The Enzyme Eating Your NAD+: Why CD38 Is the Piece Every NAD+ Protocol Misses

Here is the conversation almost nobody in the longevity space is having. Everyone is obsessed with topping up NAD+. NMN, NR, niacin, IV drips, the lot. And the assumption underneath all of it is the same: NAD+ falls as we age, so we pour more precursor in and refill the tank.

But a tank that empties faster than you can fill it is not a supply problem. It is a leak. And one of the biggest names on that leak is CD38.

What CD38 actually is

CD38 is a multifunctional enzyme and immune-signalling molecule, often found on the surface of immune cells. One of its key jobs is to break down NAD+, and it can also metabolise NMN, one of the important NAD+ precursors, which means it directly influences how well NAD-replacement strategies work in the first place.

It is not the only NAD+-consuming pathway in the body. PARPs, sirtuins and others all draw on the same pool. But CD38 appears to be one of the major drivers of age-related NAD+ loss. Think of it as a tap on the side of your NAD+ tank that runs harder and harder as the decades pass.

Why this gets worse with age (and it is not random)

This is the part that reframes everything. CD38 expression goes up as we age. So a meaningful slice of your NAD+ decline is not passive under-production, it is an active, accelerating increase in destruction.

The mechanism is inflammaging.

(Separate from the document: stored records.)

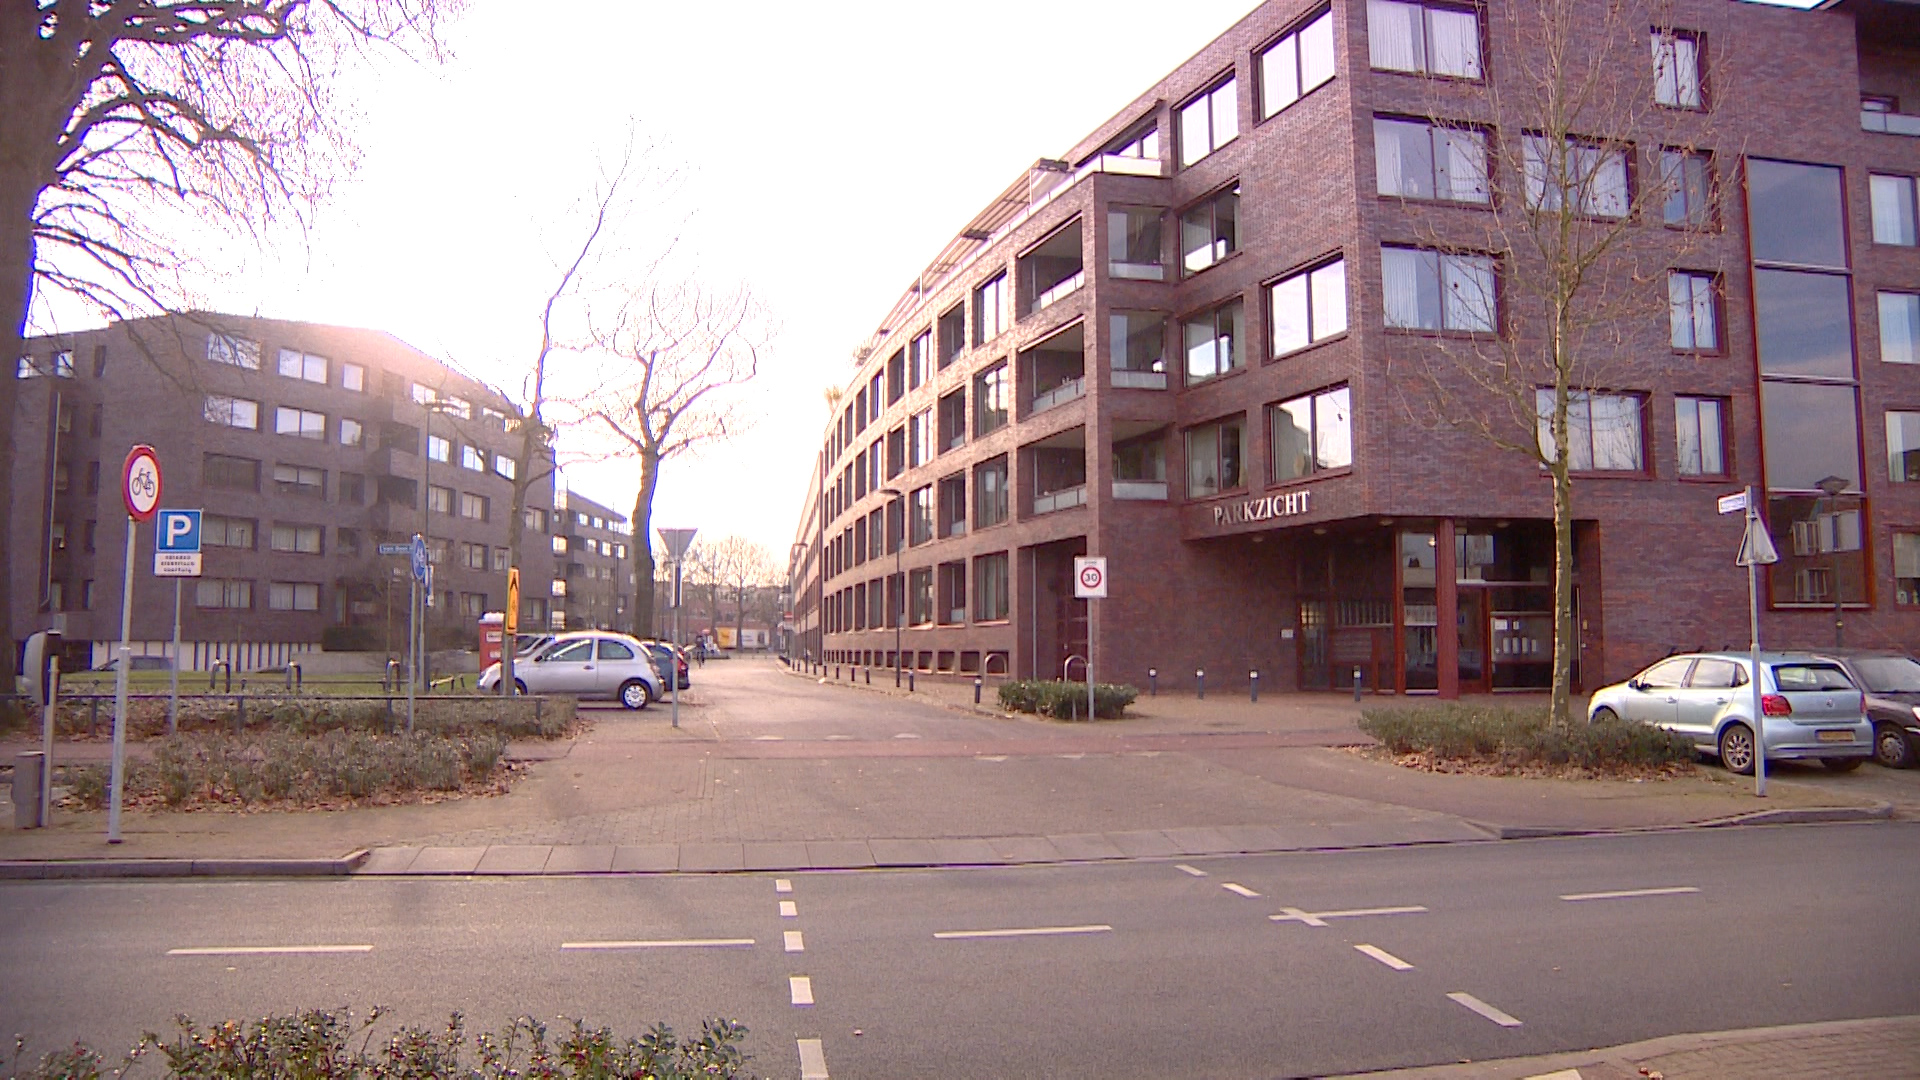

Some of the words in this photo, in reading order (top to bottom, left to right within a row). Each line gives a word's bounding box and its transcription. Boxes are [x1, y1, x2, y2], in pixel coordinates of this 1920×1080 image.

[1213, 489, 1310, 525] PARKZICHT
[166, 515, 192, 547] P
[1084, 573, 1098, 582] 30
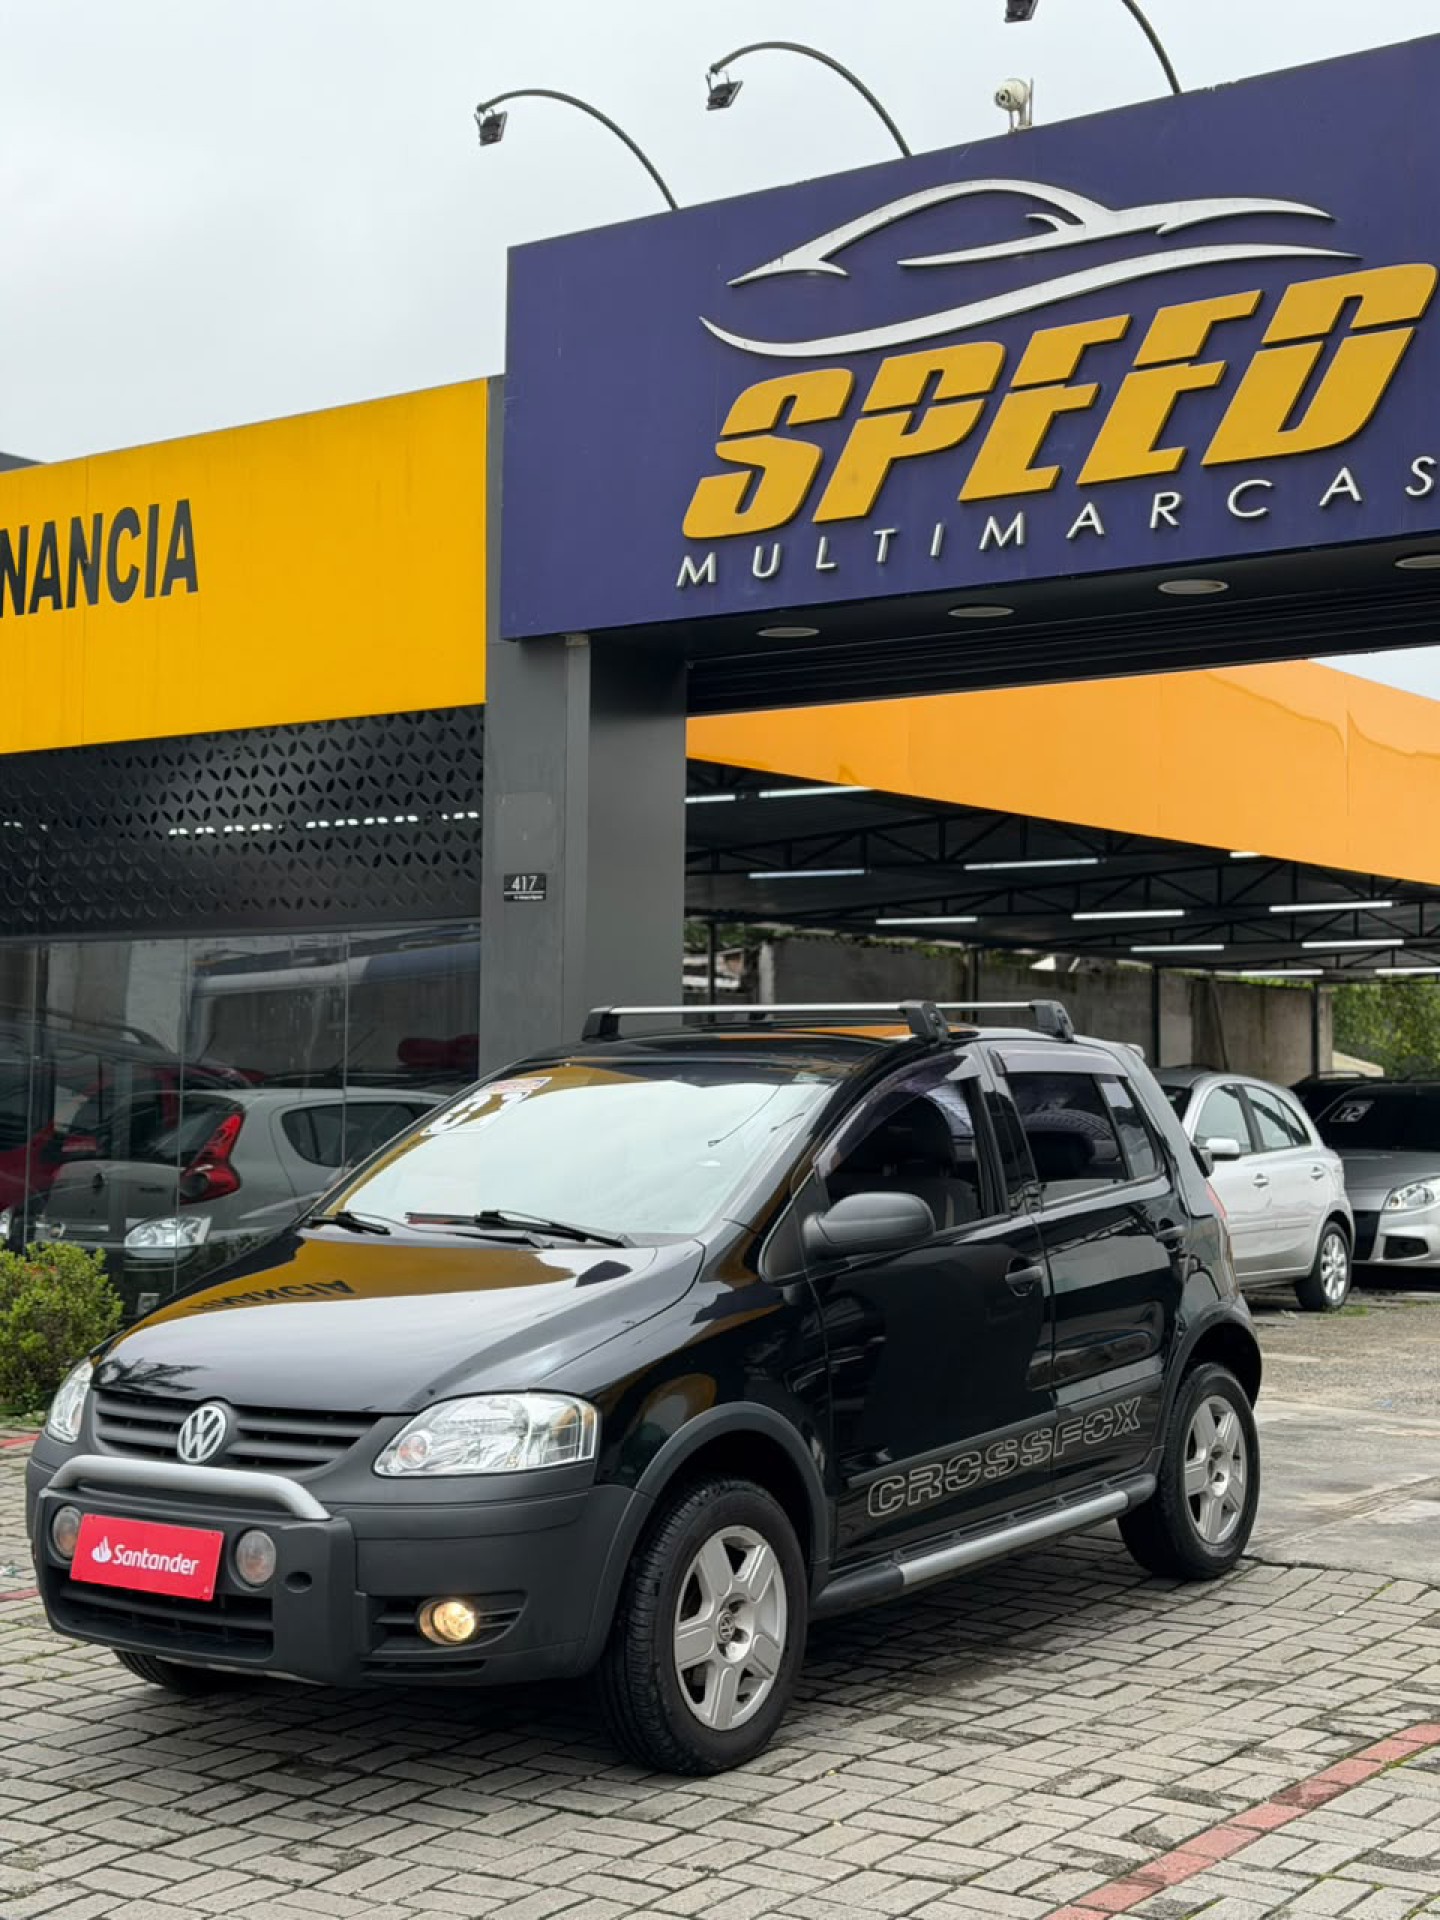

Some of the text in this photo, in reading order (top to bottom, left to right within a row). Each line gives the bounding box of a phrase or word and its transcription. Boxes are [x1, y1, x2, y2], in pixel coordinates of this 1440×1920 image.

[682, 263, 1438, 539] SPEED
[0, 498, 199, 619] NANCIA
[676, 455, 1438, 588] MULTIMARCAS
[511, 875, 538, 891] 417
[867, 1396, 1142, 1518] CROSSFOX
[112, 1544, 199, 1576] Santander

As senescent cells accumulate, they pump out the inflammatory SASP signals, and those signals recruit and activate pro-inflammatory M1-like macrophages. Those macrophages express high levels of CD38 with enhanced NADase activity. More senescent cells, more inflammation, more CD38, more NAD+ destruction. It is a self-reinforcing loop, and the work out of Eduardo Chini's lab at Mayo, along with the Covarrubias group, laid it out clearly: CD38 is required for the age-related collapse in NAD+ and mitochondrial function, partly through SIRT3-related mechanisms, and senescent cells drive the process by activating CD38+ macrophages.

So when you supplement a precursor alone, you are pouring water into a tank while the tap runs harder every year. You will see some benefit, because more substrate is more substrate. But you are working against a leak you have not addressed.

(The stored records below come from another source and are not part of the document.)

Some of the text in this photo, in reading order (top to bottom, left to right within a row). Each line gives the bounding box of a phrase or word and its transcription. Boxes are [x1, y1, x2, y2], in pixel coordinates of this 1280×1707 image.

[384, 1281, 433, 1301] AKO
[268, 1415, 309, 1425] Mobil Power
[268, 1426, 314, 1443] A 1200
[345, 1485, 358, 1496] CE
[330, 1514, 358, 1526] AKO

How much does the leak matter? When researchers gave aged mice a specific CD38 inhibitor, they saw a roughly 10 percent increase in median lifespan, plus improvements in endurance, exercise performance and metabolic function. That is the target. The question is how you move toward it without a pharmaceutical.

Where flavonoids come in

This is the elegant part. Some of the best-characterised natural CD38 inhibitors are flavonoids, the plant compounds most people have only ever heard described as antioxidants.

In 2013, Carlos Escande and colleagues (working with Chini and David Sinclair) screened for CD38 inhibitors and found that apigenin and quercetin both inhibit the enzyme. Not just in a test tube either, apigenin given to obese mice raised tissue NAD+ levels, lowered global protein acetylation and improved glucose and lipid handling.

So you have a class of plant compounds that appears to act on the same CD38/NAD+ preservation pathway as the experimental inhibitors, by the same mechanism, sourced from plants. They should not be assumed to match the potency, selectivity or tissue exposure of a purpose-built molecule, but they engage the right target. That is the foundation of a smarter NAD+ strategy.

Why a stack beats a single flavonoid

Here is the reasoning behind building a flavonoid cluster rather than betting on one compound.

Apigenin and quercetin carry the strongest direct CD38-inhibition evidence. They are the workhorses of the preservation side. They slow the tap.

Quercetin earns its place twice over. It is also one half of the original dasatinib-plus-quercetin senolytic combination, meaning it contributes to clearing the very senescent cells that drive CD38 expression in the first place. So it is not only closing the tap, it is going after the upstream cause that opened it. That dual action is exactly the kind of leverage you want in a longevity formula.

Rutin is a quercetin glycoside, quercetin with a sugar attached. It is best framed as vascular and anti-inflammatory flavonoid support and as part of the broader quercetin family, rather than as a proven direct CD38 inhibitor in humans.

EGCG, the green tea catechin, rounds the cluster out. Its strength is in the surrounding terrain, modulating inflammation and senescence-associated pathways that feed the CD38 loop, rather than acting purely as a CD38 inhibitor.

The point is systems-level. You are not just inhibiting one enzyme. You are addressing the senescence that drives it, the inflammation that amplifies it, and the enzyme activity itself, from several angles at once.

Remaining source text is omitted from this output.